Deadly Painkiller Overdoses Affecting More Women
Correction July 12, 2013
The audio introduction to this story, as did a previous Web introduction, incorrectly says that women are dying from overdoses of prescription painkillers at a much higher rate than men. In fact, men still die at a higher rate than women. Women are dying from the overdoses at a much higher rate than ever before.
DAVID GREENE, HOST:
And let's look now at some disturbing health news. At study out from the Centers for Disease Control and Prevention shows women are dying from overdoses of prescription painkillers at a much higher rate than men. [POST-BROADCAST CORRECTION: Men still die from these overdoses at a higher rate than women. Women are dying from the overdoses at a much higher rate than ever before.]
Over the past decade, there has been a dramatic increase in the number of women overdosing. NPR's Patti Neighmond reports.
PATTI NEIGHMOND, BYLINE: CDC director Dr. Tom Frieden told reporters women are dying of overdoses at rates never seen before.
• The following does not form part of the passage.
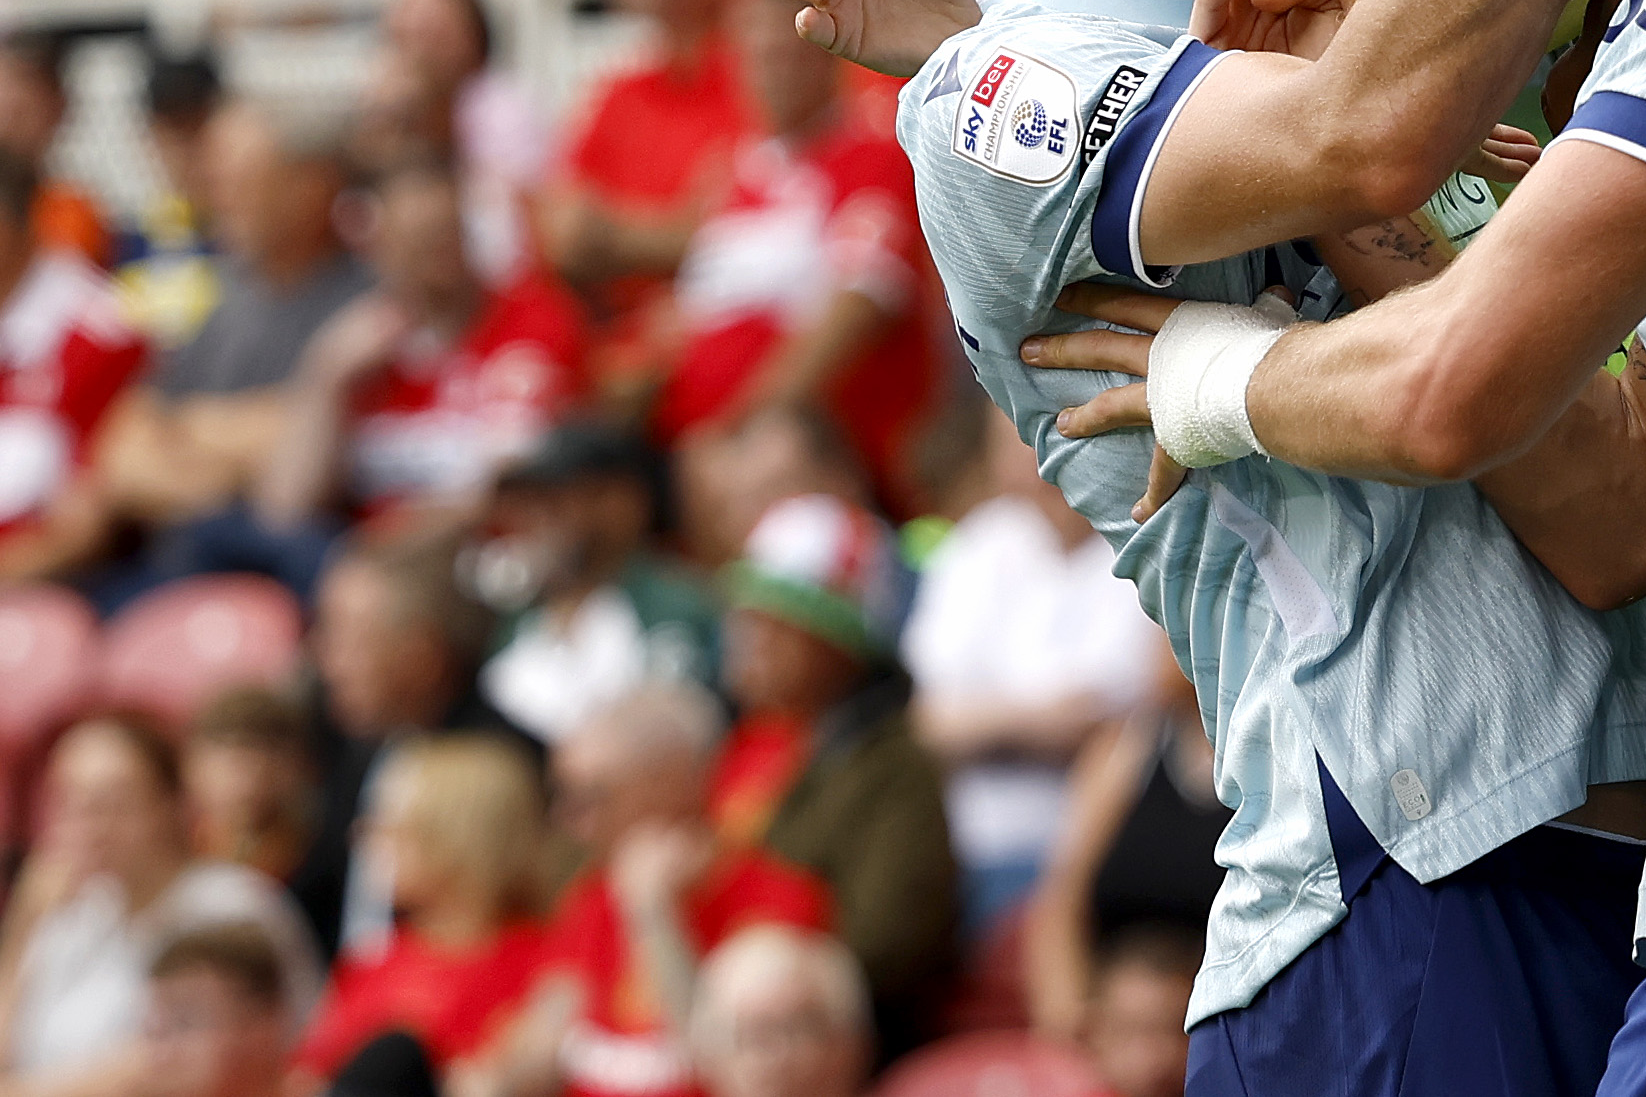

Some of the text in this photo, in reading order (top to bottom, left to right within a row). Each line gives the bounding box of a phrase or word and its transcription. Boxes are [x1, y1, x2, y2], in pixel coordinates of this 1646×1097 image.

TOM FRIEDEN: Prescription painkiller deaths have skyrocketed in women. In 2010, more than 6,600 women died from prescription painkillers, four times as many as died from cocaine and heroin combined.
NEIGHMOND: And the number of women showing up in hospital ERs who've overdosed on opiod painkillers like Vicodin and Oxycontin is also on the rise. It's unclear how many women used medication they obtained illegally and how many were prescribed it. But Frieden says the increase in drug overdoses and deaths directly parallels an increase in prescriptions for pain medication.
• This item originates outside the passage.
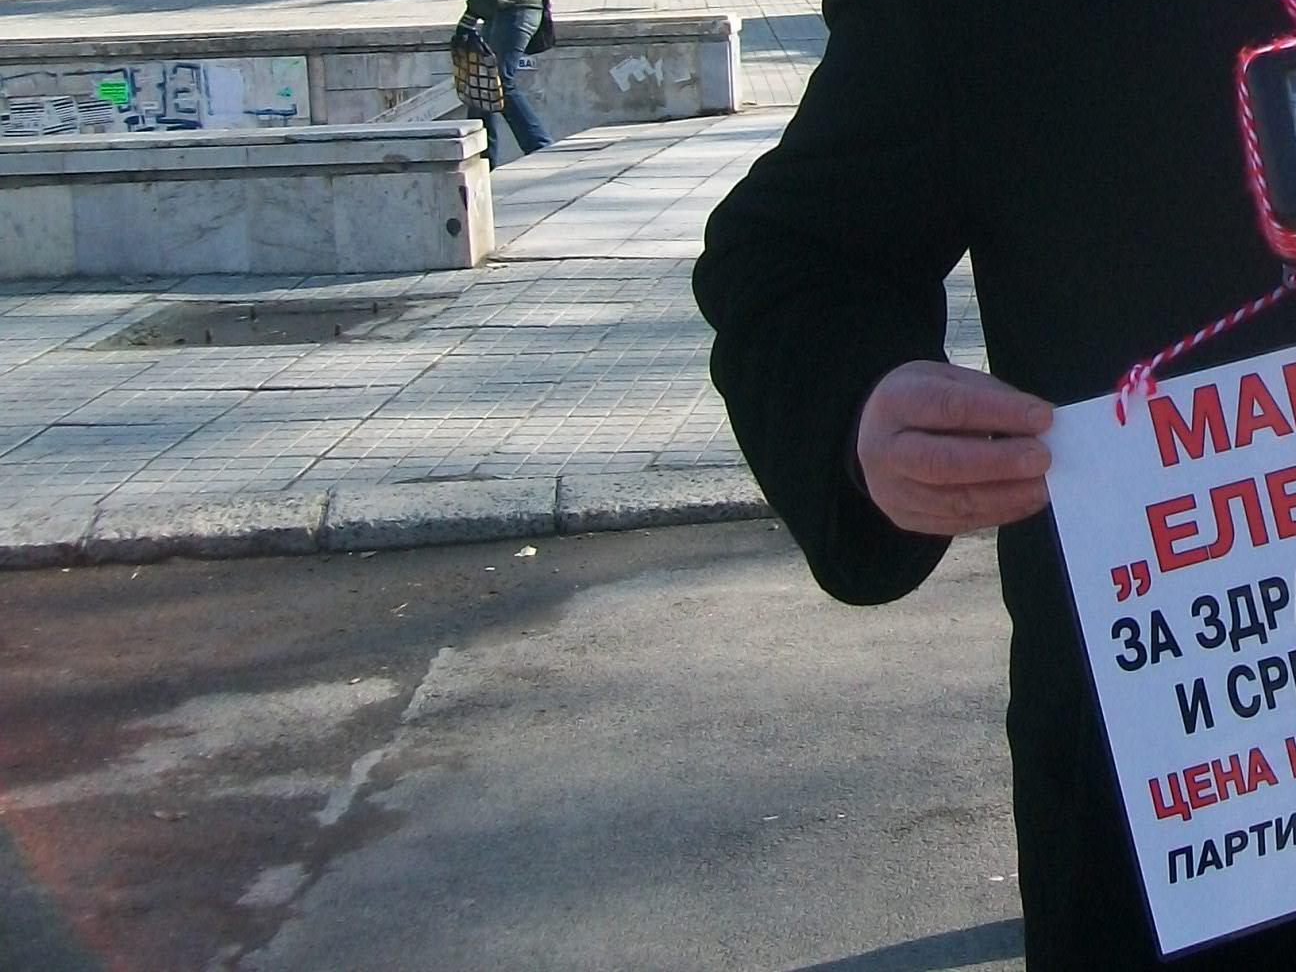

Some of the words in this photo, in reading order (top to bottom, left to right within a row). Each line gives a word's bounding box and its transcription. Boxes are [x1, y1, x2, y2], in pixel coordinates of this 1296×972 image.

[1111, 609, 1183, 672] ЗА
[1175, 677, 1215, 734] И
[1149, 747, 1279, 821] ЦЕНА
Pain specialists Lynn Webster is president of the American Academy of Pain Medicine. He says women often unknowingly end up with medications that, when combined, are dangerous.
LYNN WEBSTER: Because they're often stereotyped as being more emotional or more psychological, and their first line of therapy often is a sedative or something that treats the emotional side, as opposed to the pain.
NEIGHMOND: And if they're later prescribed a powerful opiod to treat pain, the combination can be fatal. In the federal report, older women between the ages of 45 and 54 were at highest risk of abusing pain medication.
WEBSTER: There are more medications that are used at that age. Maybe they've been on medications for a longer period of time. People are very interested in getting back to their lives, and so they're looking for medications to help them get their life back.
NEIGHMOND: CDC director Frieden calls for greater awareness - both in the medical community and among the public - of the risk and potential for abuse of pain medication. Pain experts agree there are alternatives to medication. Acupuncture, exercise and cognitive behavior therapy have all been shown to help patients manage chronic pain.
But typically, they're not covered by insurance, so by default, says Webster, doctors prescribe and patients take medication. Patti Neighmond, NPR News.